Penn State coach Joe Paterno is the perfect example of what is right about college football.

Yes, his career is winding down, and the sunset is visible ahead of the horse he straddles. Yes, he’s 81, and will turn 82 when the Nittany Lions begin Rose Bowl practices on Sunday.

But it is amazing to watch what the old ball coach has accomplished during the last four years.

I was among the many who labeled him over the hill and past his prime. I accused him of desperately hanging onto his job to the point it hurt the program as he led the Nittany Lions to four losing seasons from 2000-2004.

But who could blame him? As the name Bryant is linked to Alabama football, Joe Pa’s grizzled face comes to mind when Penn State is referenced. And when Paul “Bear” Bryant retired from college football following the 1982 season, he died 28 days later.

Perhaps Paterno wanted to avoid a similar fate. Or maybe he just knew he was not done yet. Since that miserable stretch, Penn State has averaged 10 wins a season and has earned two BCS bowl appearances.
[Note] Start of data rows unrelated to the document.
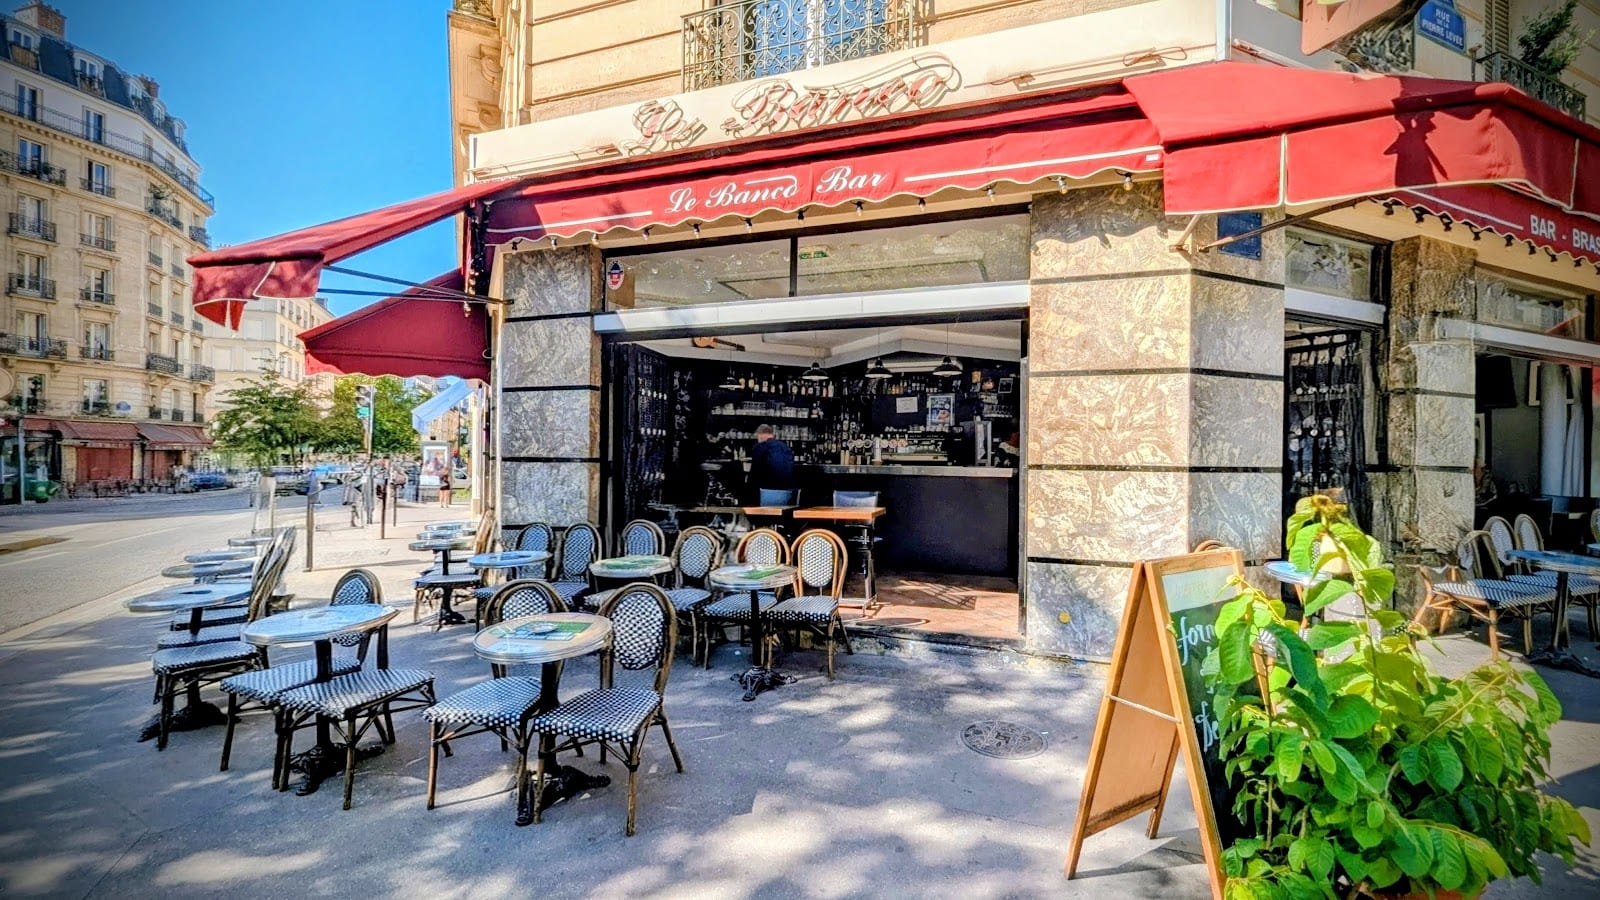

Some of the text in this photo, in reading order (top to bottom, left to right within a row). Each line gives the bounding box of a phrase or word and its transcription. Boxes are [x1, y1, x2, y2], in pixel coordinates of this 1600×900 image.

[1422, 19, 1445, 36] PIERRE
[1436, 9, 1450, 23] RUE
[620, 51, 962, 156] Le Banco
[664, 165, 888, 214] Le Banco Bar
[1530, 214, 1556, 241] BAR
But the Nittany Lions’ resurgence under Paterno is not why I see the man as an example of what’s right with college football. It’s not his unwillingness to leave the game either, though I’ve got to respect him for that.

Instead, his presence on the sidelines — unchanging though it may be — is refreshing in this day and age of coaches flipping through schools faster than I flip through channels.
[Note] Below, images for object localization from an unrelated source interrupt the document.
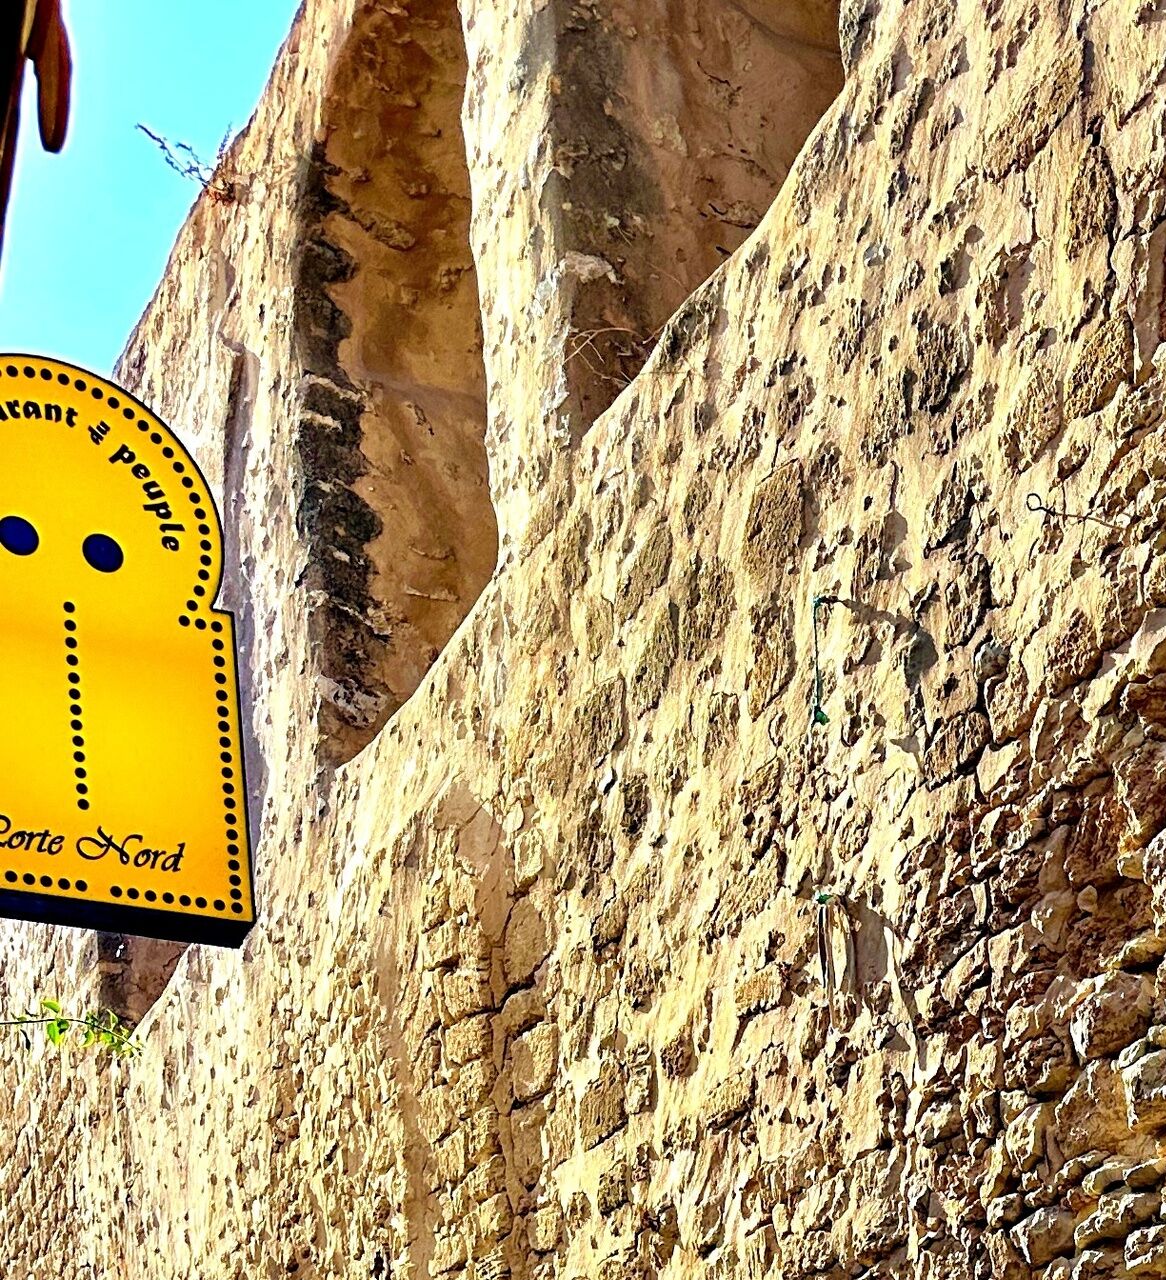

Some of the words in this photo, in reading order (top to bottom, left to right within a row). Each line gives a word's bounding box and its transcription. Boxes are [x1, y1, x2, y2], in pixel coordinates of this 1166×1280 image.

[88, 421, 111, 445] du
[109, 444, 185, 552] peuple
[76, 826, 186, 873] Nord
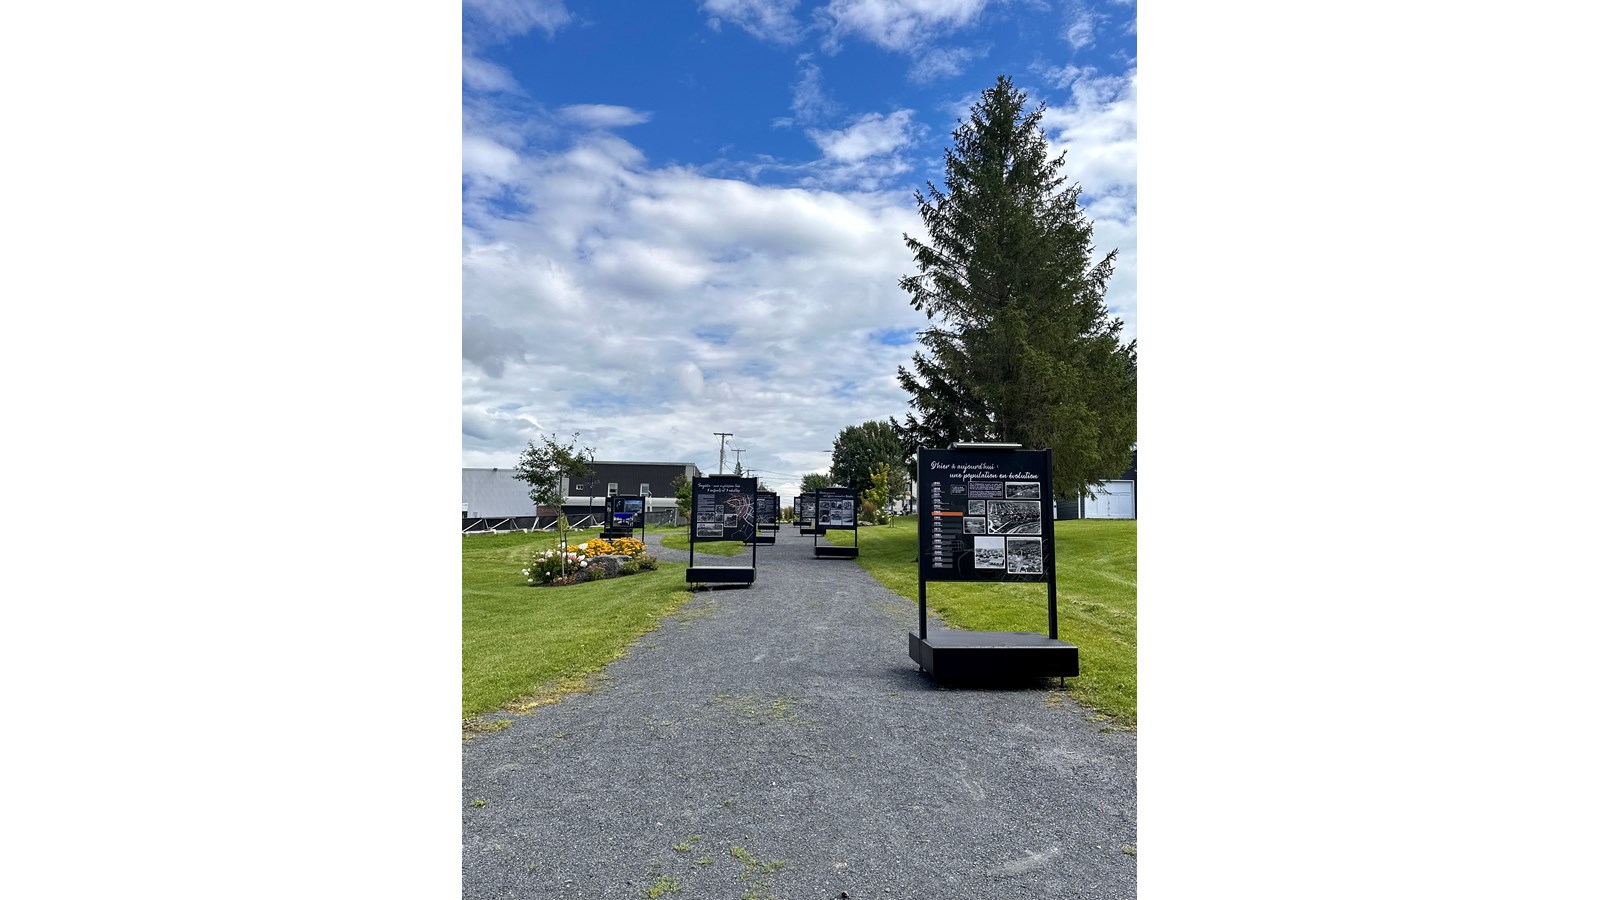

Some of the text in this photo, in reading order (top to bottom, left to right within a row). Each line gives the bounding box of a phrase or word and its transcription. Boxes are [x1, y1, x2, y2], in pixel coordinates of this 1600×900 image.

[957, 462, 994, 473] aujourd'hui
[962, 471, 998, 482] population
[1008, 471, 1039, 479] évolution
Paterno has been a part of Penn State’s football program since 1950. He was an assistant under Charles A. “Rip” Engle for 16 years before taking over the position in 1966. The 2009 season will mark his 60th year in University Park, Pa.

How often can one say the same old routine and sight is refreshing? It is.
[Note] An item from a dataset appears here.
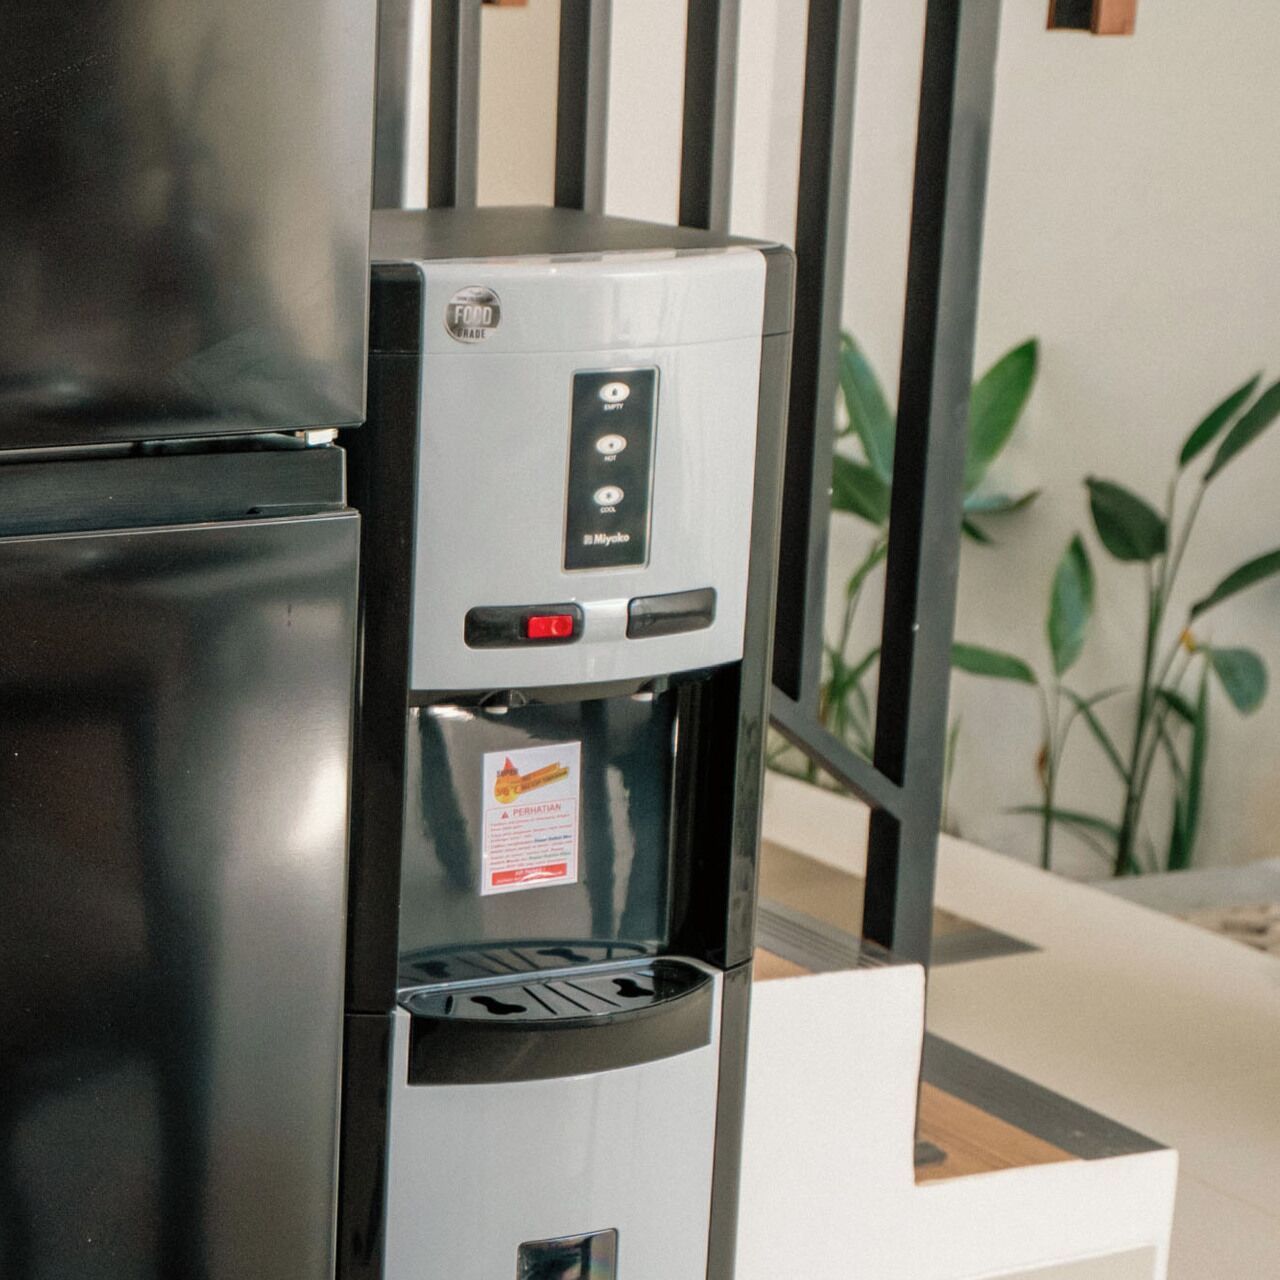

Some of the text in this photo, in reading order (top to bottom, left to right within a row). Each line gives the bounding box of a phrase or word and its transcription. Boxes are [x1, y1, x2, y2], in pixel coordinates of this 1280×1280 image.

Paterno is not a hired gun like Bobby Petrino. He turned down the Pittsburgh Steelers and Michigan Wolverines in 1969. He followed that up by turning down the New England Patriots — and partial ownership — in 1972.

He’s never looked for a Nick Saban-like salary, either. He made $512,664 in 2007. It was a $22,000 raise from his $490,638 in 2006.

Paterno claims to be well paid well, but not overpaid. And his loyalty to his school — which returned the favor with a three-year contract extension on Wednesday — is refreshing in an environment determined by the highest bidder.

Bear in mind Texas defensive coordinator Will Muschamp makes $900,000 per year. Former Mississippi State coach Sylvester Croom’s salary was bumped to $1.7 million following an eight-win season in 2007. New Tennessee coach Lane Kiffin — all of 33 years-old — will receive $2 million in 2009. And, of course, Saban makes $4 million a season.

The fact of the matter is Petrino, Saban, Kiffin, Muschamp and Croom cannot lay claim to the five Orange Bowls, five Fiesta Bowls, four Sugar Bowls, two Rose Bowls and two Cotton Bowls Paterno can.

And Penn State didn’t have to break the bank for any of it.